— В Новосибирске человек быстро разбирается что к чему. Понимает истинную цену профессий… Саша был талантлив и самолюбив.
— Как и вы, Василий.
— И ты, Брут! Видите, я тоже могу цитировать Шекспира… Боже мой! — крикнул Орлов по — русски. — Что это?!
Флойду не повезло — он парил в воздухе спиной к иллюминатору и не успел вовремя обернуться. А секунду спустя Большой Брат был уже прежним — бездонным черным прямоугольником, заслоняющим пол — Юпитера.
Но в этот краткий миг Василий увидел нечто совсем иное. Перед ним будто распахнулось окно в другую вселенную. Зрелище длилось мгновение и тут же исчезло. Но оно навсегда врезалось в его память.
Он увидел даже не звезды, а множество солнц, будто перенесся к самому центру Галактики. Привычное звездное небо по сравнению с этим великолепием было нестерпимо пустынным; даже могучий Орион был горсткой жалких искр, не достойной повторного взгляда.

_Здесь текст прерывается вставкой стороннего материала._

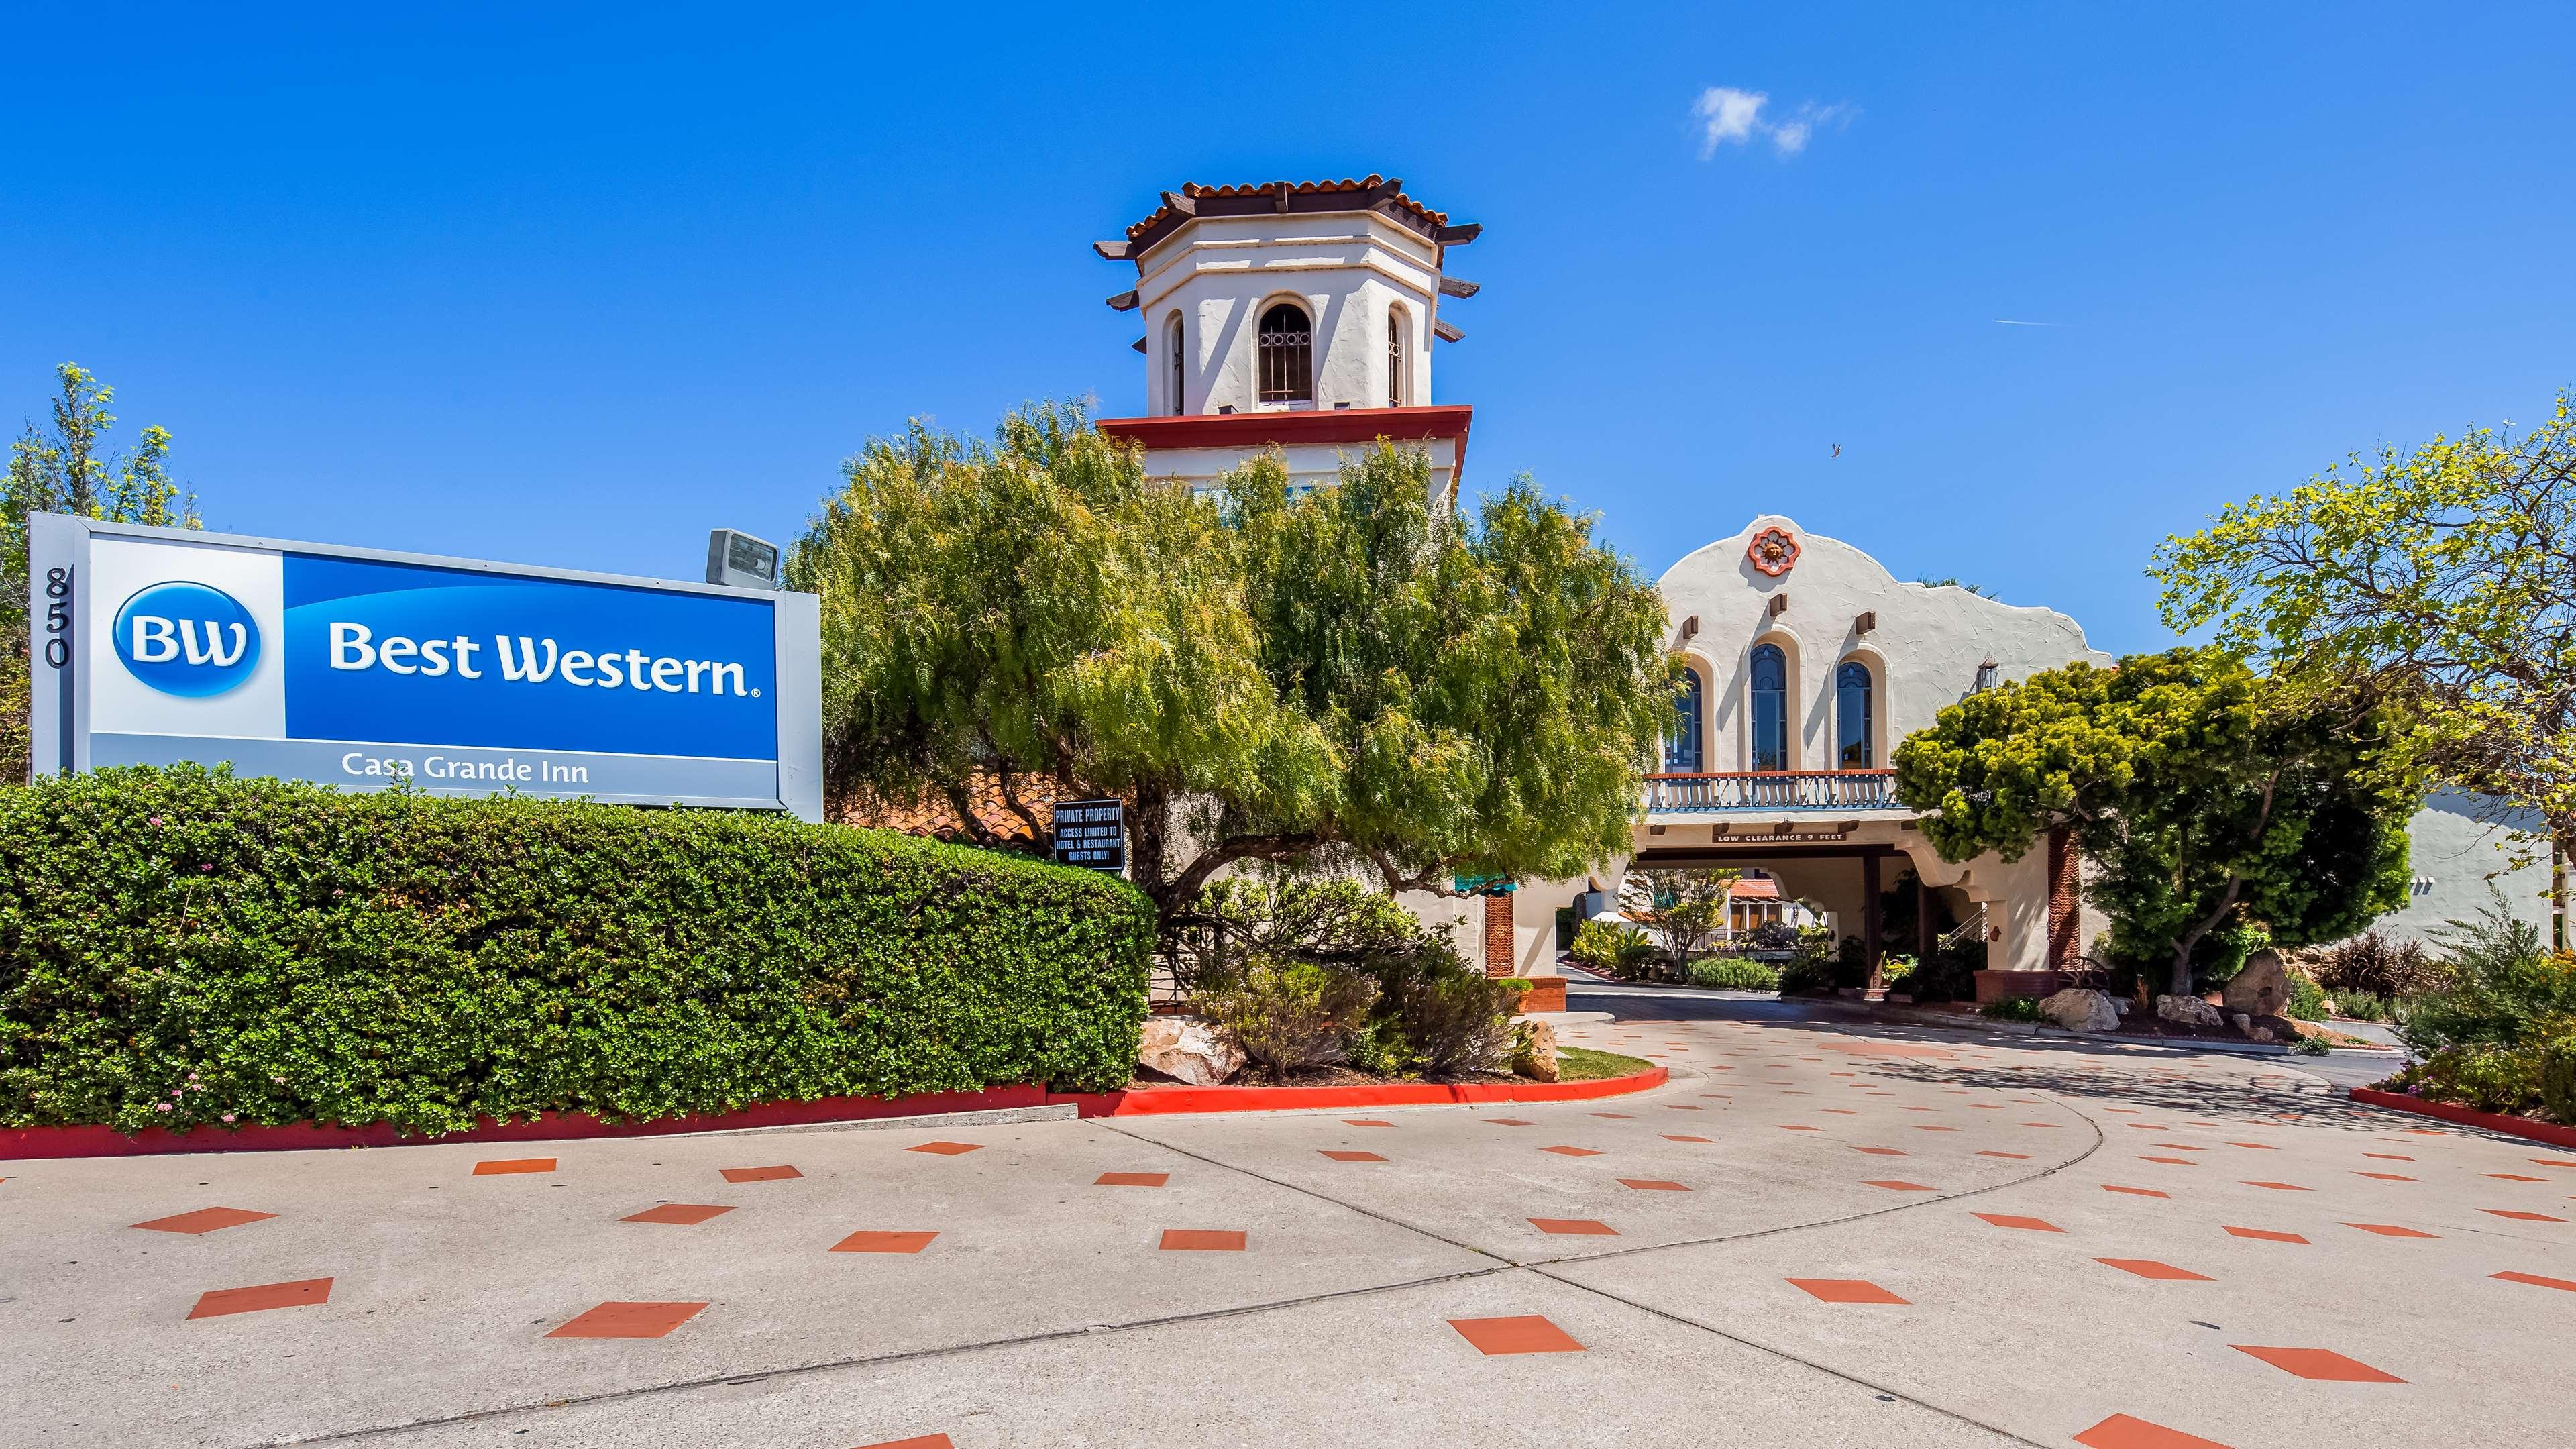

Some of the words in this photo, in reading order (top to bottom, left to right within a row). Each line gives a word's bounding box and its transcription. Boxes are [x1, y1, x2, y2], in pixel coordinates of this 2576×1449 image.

Через миг все исчезло. Но не совсем. В самом центре черного прямоугольника светилась слабая звездочка. И она двигалась.
Метеор? Василий Орлов, научный руководитель экспедиции, оторопел настолько, что прошло несколько секунд, прежде чем он вспомнил — в безвоздушном пространстве метеоров не бывает.
Внезапно звездочка растянулась в светяющуюся черточку и еще через несколько мгновений исчезла за краем Юпитера. Но Василий Орлов уже пришел в себя и вновь стал холодным, бесстрастным наблюдателем.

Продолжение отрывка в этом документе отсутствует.